Mark 9:23–24 says, “Jesus said to him, ‘If you can believe, all things are possible to him who believes.’ Immediately the father of the child cried out and said with tears, ‘Lord, I believe; help my unbelief!’”
You can almost see the scene. A crowd pressing in. Religious leaders arguing. Disciples unable to fix what stands in front of them. And at the center of it all, a father holding the weight of years of heartbreak. His son is tormented. Seized. Thrown down. Bruised by what he cannot control. This father has likely tried everything. Every remedy. Every hope. And now he stands before Jesus—his last hope.
Jesus tells him that belief matters. And something breaks open in the man’s heart. He does not deliver a speech. He does not pretend strength. He cries out. With tears. “Lord, I believe; help my unbelief!”
That is not the voice of a skeptic. That is the voice of a desperate man who wants to trust but is afraid to be disappointed again.
The condition of unbelief is fear. Fear that this will not change. Fear that hope will collapse one more time. Fear that trusting fully will hurt too much if the answer is no. Unbelief often grows in wounded places. It is not always rebellion. Sometimes it is self-protection. It keeps expectations low so pain feels smaller.

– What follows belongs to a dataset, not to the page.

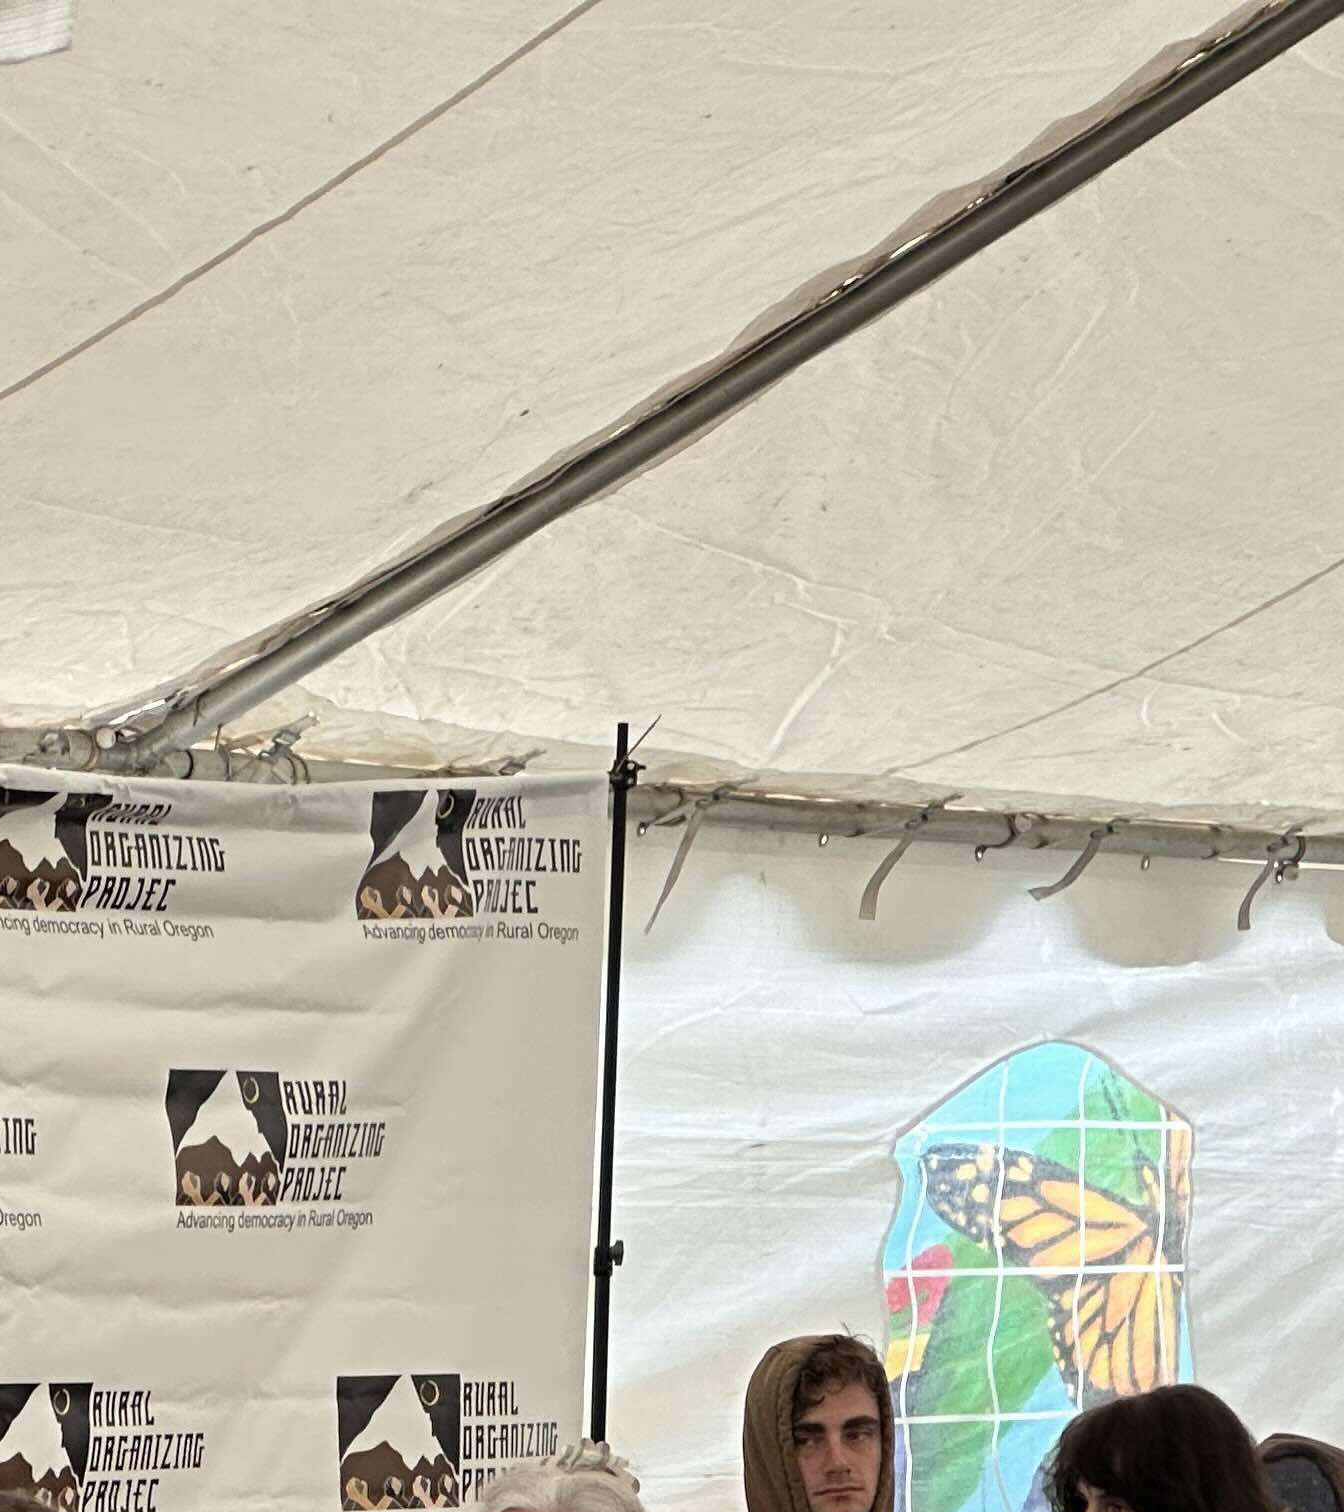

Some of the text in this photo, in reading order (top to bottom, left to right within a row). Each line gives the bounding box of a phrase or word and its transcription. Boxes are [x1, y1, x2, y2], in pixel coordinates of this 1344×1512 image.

But the condition of believing is love. Love dares to hope again. Love risks trust. Love looks at Jesus and says, “I am afraid, but I am here.” Belief is not the absence of fear; it is the decision to bring fear into the presence of Christ instead of letting it rule from a distance.
What is stunning in this passage is not just the father’s confession. It is Jesus’ response. Jesus does not step back. He does not say, “Come back when your faith is stronger.” He does not shame the man for his tears. Instead, He moves toward the boy. He rebukes the spirit. He restores the child. He responds to faith that is mixed, trembling, and incomplete.
The miracle did not wait for perfect confidence. It met honest dependence.
This is the hope of the gospel: we do not need perfect faith because we have a perfect Savior. The power was never in the father’s certainty. The power was in Christ’s authority. The father’s job was not to eliminate every trace of doubt. His only step was to bring his broken belief to Jesus.
“Fear says, ‘Don’t trust too much—you may be hurt.’ Faith says, ‘Trust Him anyway—He is still good.’”
Every believer knows this tension. We love God, yet we worry. We pray, yet we brace ourselves. We believe, yet we tremble. And still, Jesus does not turn away. He understands. He sees the tears behind the words. He hears the crack in our voice when we pray, “Help me.”
Imperfect faith does not disqualify us. It draws us closer.
Because in the end, it is not the strength of our faith that saves us. It is the strength of our Savior.